I Forgot a W-2 and Already Filed My Taxes, What Do I Do Now?

By The Penny Plan Editorial Team Published July 13, 2026 6 min read

That sinking feeling of finding a second W-2 in a drawer after a return has already been submitted is more common than it feels in the moment, especially for anyone who worked more than one job during the year.

The short answer

In general, a forgotten W-2 discovered after filing is corrected by submitting an amended return that adds the missing income and recalculates what’s owed or refunded. It isn’t usually treated as fraud or a major violation — tax systems generally anticipate that mistakes like this happen and provide a specific process for fixing them. Because everyone’s income situation and filing history is different, though, the exact path forward can vary.

Why this happens more than people expect

Multiple employers in the same year, a short-term job that ended early, or a W-2 that got mailed to an old address are all common reasons a form gets missed. Employers are generally required to send W-2s by a set deadline, but a form arriving late, getting lost, or simply being overlooked among other mail is a routine occurrence, not a rare one.

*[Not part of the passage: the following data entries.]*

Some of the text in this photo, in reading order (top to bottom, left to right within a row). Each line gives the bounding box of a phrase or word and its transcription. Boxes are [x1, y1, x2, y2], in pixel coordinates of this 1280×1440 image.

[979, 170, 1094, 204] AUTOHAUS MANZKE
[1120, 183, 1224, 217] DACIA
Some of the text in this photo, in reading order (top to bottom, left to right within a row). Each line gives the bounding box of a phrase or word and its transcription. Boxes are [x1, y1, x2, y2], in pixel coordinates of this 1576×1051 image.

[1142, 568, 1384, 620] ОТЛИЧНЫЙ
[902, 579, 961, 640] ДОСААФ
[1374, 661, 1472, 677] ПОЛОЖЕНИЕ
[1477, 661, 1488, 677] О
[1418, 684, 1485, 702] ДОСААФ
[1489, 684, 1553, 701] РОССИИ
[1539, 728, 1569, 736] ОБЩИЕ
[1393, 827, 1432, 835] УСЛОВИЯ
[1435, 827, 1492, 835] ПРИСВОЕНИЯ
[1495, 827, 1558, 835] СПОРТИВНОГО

What generally needs to happen next

What if the return was already accepted and a refund is pending

Timing matters here. If a refund hasn’t been issued yet, it’s often better to wait until the original return finishes processing before submitting an amendment, rather than filing the correction while the first return is still moving through the system. This can affect how quickly a refund actually arrives, so patience during that window tends to save confusion later.

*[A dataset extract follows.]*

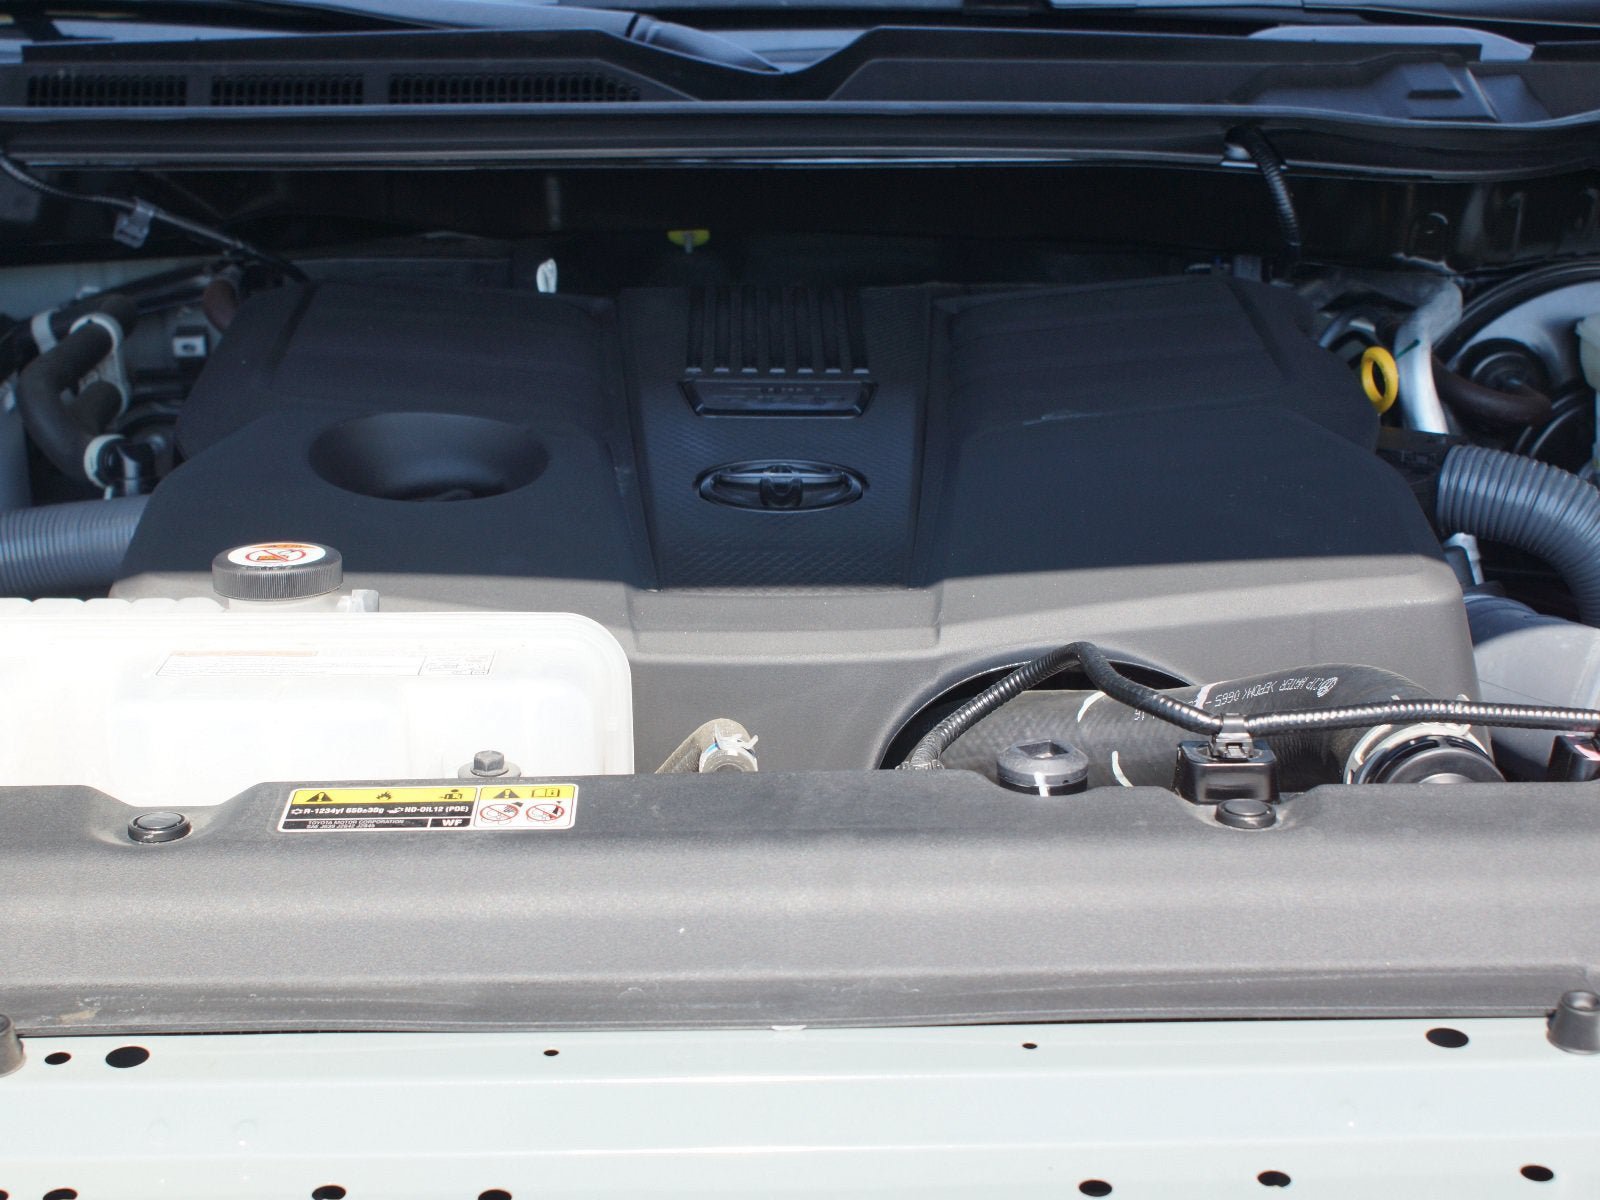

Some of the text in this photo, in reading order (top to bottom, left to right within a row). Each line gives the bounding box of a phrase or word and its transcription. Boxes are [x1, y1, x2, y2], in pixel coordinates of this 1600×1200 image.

[1279, 676, 1309, 691] WATER
[303, 807, 345, 815] R-1234yf
[445, 805, 469, 813] (POE)
[442, 819, 463, 827] WF

What happens if the missing income gets noticed first

Sometimes a missing W-2 doesn’t get caught by the taxpayer at all — it gets flagged automatically because the employer already reported it separately. In that case, a notice may arrive instead of a taxpayer catching the gap themselves. Any official notice about a return generally comes with its own response window, and it’s worth reading it carefully rather than assuming the worst, since these notices are often routine and address a specific, fixable discrepancy.

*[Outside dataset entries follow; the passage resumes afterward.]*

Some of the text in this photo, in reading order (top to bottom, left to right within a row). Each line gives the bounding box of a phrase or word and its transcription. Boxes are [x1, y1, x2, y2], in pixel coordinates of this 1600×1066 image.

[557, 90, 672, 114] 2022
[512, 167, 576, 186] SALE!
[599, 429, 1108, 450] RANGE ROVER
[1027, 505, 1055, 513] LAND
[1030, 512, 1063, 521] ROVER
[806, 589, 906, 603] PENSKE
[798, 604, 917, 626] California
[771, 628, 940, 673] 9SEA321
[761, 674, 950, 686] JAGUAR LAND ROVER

Does this apply the same way to every filer

Not necessarily. Filing status, whether the return was filed jointly or separately, and the size of the missing income can all shape how the correction plays out — this is similar in spirit to how switching a filing status after an original return involves its own specific rules. Because individual circumstances vary this much, general information can explain the overall process, but it can’t replace checking the specifics of a particular situation against current guidance.

The takeaway

Forgetting a W-2 after filing is a common, generally correctable situation, most often resolved by filing an amended return once the original filing has processed. It’s rarely as serious as it feels in the moment — the system has a built-in path for exactly this kind of oversight.